## TASK TO COMPLETE
Write out the full listing below exactly as given.

_ _ _

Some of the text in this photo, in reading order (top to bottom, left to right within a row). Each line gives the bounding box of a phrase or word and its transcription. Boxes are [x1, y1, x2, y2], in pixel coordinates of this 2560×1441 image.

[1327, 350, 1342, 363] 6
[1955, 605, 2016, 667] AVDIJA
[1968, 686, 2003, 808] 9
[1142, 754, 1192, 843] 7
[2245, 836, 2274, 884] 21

_ _ _

## YOUR RESPONSE
Some of the text in this photo, in reading order (top to bottom, left to right within a row). Each line gives the bounding box of a phrase or word and its transcription. Boxes are [x1, y1, x2, y2], in pixel coordinates of this 2560×1441 image.

[1327, 350, 1342, 363] 6
[1955, 605, 2016, 667] AVDIJA
[1968, 686, 2003, 808] 9
[1142, 754, 1192, 843] 7
[2245, 836, 2274, 884] 21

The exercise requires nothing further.